Cutting to the chase, Kenney Baden asks “Phillip” (as she calls him) whether he killed Clarkson. At first, the producer is elusive, changing the subject as he points out his prized possessions: the white piano on which John Lennon wrote “Imagine,” the place where Lenny Bruce used to rant about the Fourth Amendment.

Pressed about the killing, in particular his chauffer’s damning testimony that Spector said, “I think I just killed somebody,” he responds that the man barely spoke English, and that what he actually said was, “I think I should call somebody.” Kenney Baden disputes his description of Clarkson as a “hophead” with the fact that the autopsy results revealed Clarkson was definitely not high on drugs.

After likening his plight to that of Christ and T. E. Lawrence, Spector adds that he can’t even play piano anymore because of severe hand tremors and doesn’t understand how anyone would think that he could hold a gun. Kenney Baden is intrigued by Spector and the challenges of the case, and decides to continue working with the defense team to take another look at the evidence.

The scene outside is a madhouse, chaotic with police, media, angry protesters, and onlookers. Spector is unnerved by the crowd as he is taken into the courtroom. However, as the prosecution outlines its case, he seems lost in musical thought, scribbling notes to an unheard song on a legal pad.

Back at the defense team headquarters, Kenney Baden watches through a one-way mirror as Dr. Fallon (Rebecca Pidgeon) shows members of a defense focus group video of testimony that emphasizes Spector’s proclivity for erratic, gun-wielding behavior. Cutler and Kenney Baden deliberate how to get a jury to consider the possibility that reasonable doubt exists.

While exploring the forensic evidence in the case, Kenney Baden’s team organizes an elaborate demonstration to test a theory that might work towards showing Spector’s innocence. However, Kenney Baden realizes the judge will not allow such a demonstration inside the courtroom. Kenney Baden and Cutler rehearse a forensic expert, Dr. Gerhardt Spitz (Matt Malloy), to testify about the gunshot wound.

At the mansion, Spector tells Kenney Baden that he wants to tell his story on the witness stand. “I was drunk,” he insists, adding that when he took Lana home, she asked to see his guns, claiming that they excited her, which led to the gun going off accidentally. Later, Kenney Baden tests Spector’s claim to determine if there is any plausibility to his version of the events that happened that fateful night.

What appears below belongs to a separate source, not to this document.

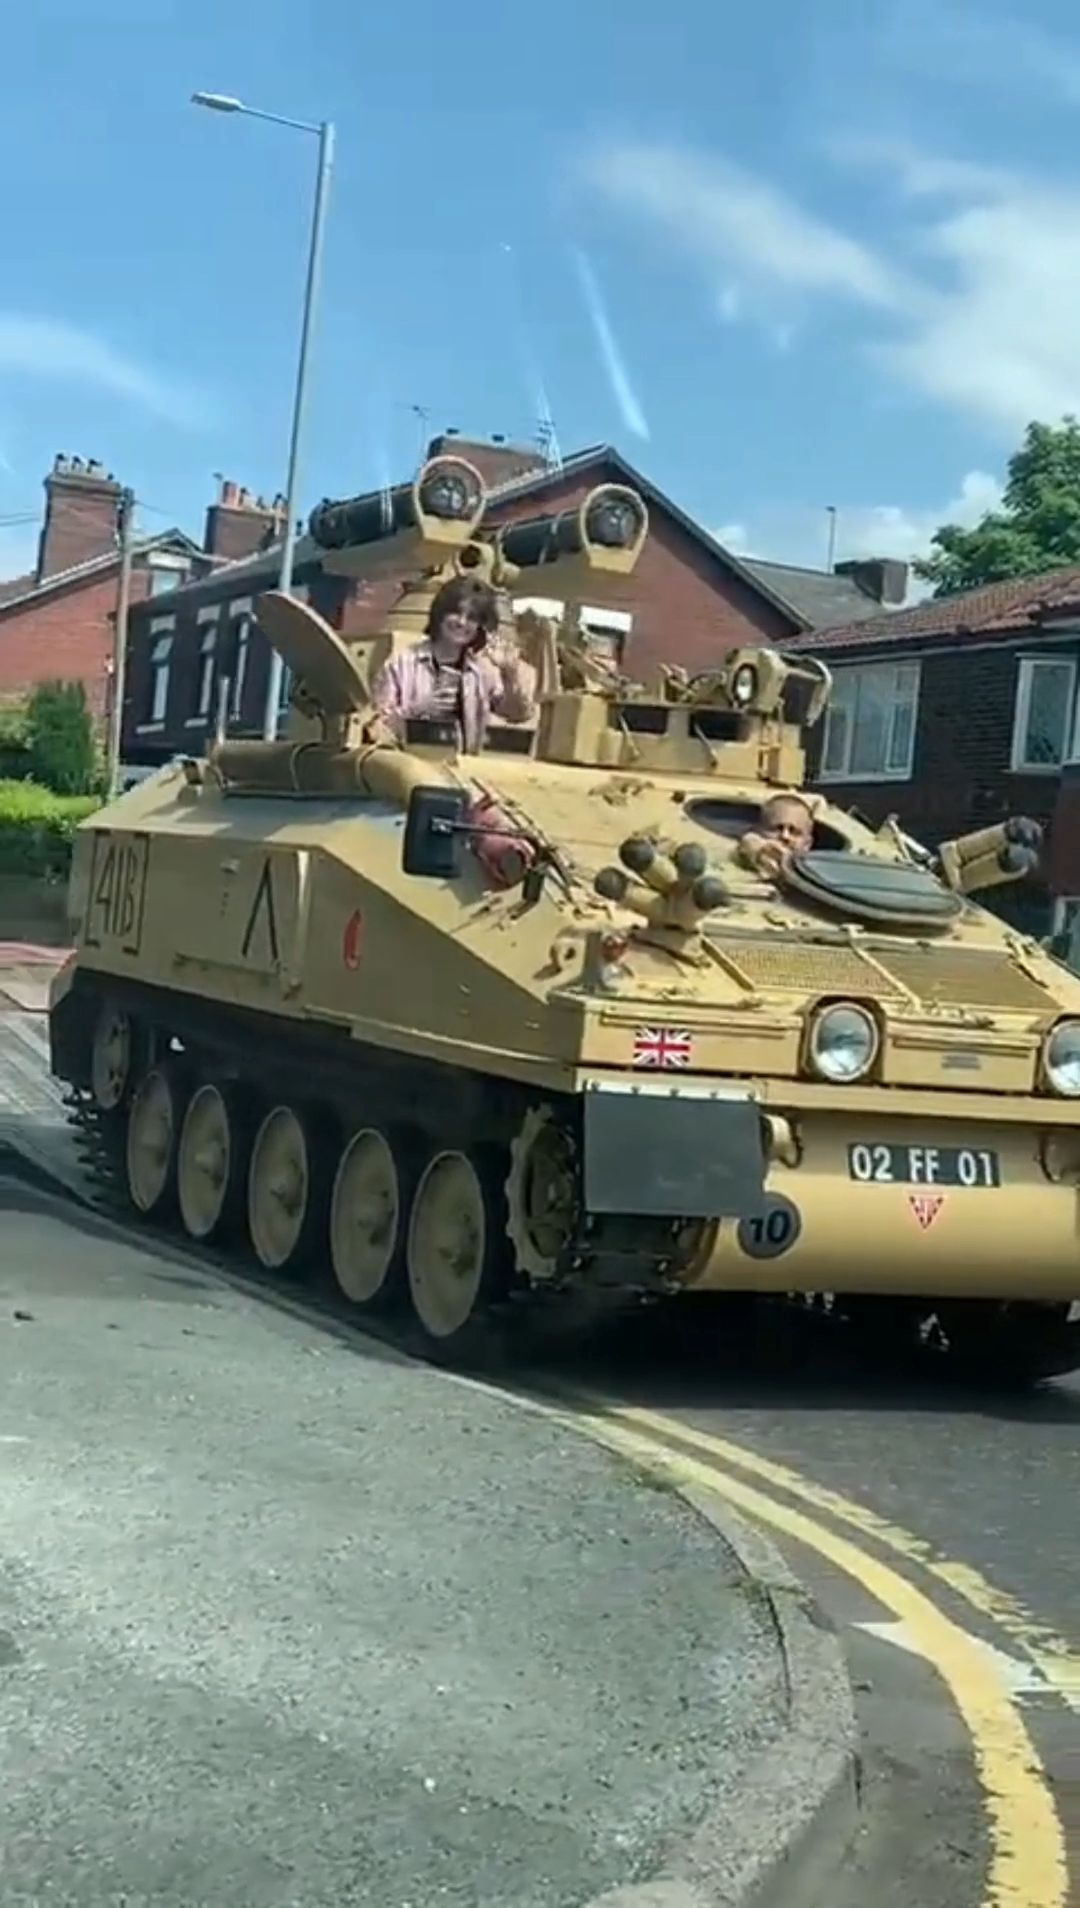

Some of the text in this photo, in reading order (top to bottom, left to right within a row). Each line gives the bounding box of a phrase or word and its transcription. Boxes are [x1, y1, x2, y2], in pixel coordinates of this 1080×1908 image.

[852, 1144, 993, 1187] 02 FF 01
[748, 1209, 791, 1245] 10

Despite having given his prior consent, Spector is livid when he learns that Cutler is leaving Kenney Baden to handle the final trial preparations. She considers the merits of putting Spector on the stand to testify and stages a dress rehearsal, complete with a badgering mock prosecutor (Chiwetel Ejiofor), who presents video testimony of Ronnie Spector, Spector’s onetime protégé and former wife, describing his repeated cruelties and assaults.

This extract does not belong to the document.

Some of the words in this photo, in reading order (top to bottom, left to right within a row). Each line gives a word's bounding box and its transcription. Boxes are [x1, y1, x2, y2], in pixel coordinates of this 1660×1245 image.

Unhinged, Spector erupts and abruptly puts an end to the faux trial, eventually calming down enough to assure Kenney Baden he’ll be fine during the real thing. But the experience is enough to give her pause as to whether she should allow her star witness to testify in his own defense.

On trial day, when Spector shows up at the courthouse wearing a huge, over-the-top Afro wig, Kenney Baden realizes she cannot put him on the stand, despite the knowledge that Spector’s silence could spell defeat for the defense team and prison for her client.

The cards at the end of the film read:

“On September 26, the jury reported itself deadlocked, ten to two in favor of conviction, and incapable of reaching a decision. The Judge declared a mistrial. On October 3, the Prosecution announced that they would retry the case.

Due to her illness, Linda Kenney Baden was unable to participate in the second trial, whose jury, on April 13, 2009 found Phil Spector guilty of Second Degree Murder and sentenced him to 19 years to life in Corcoran State Prison, where he resides today.”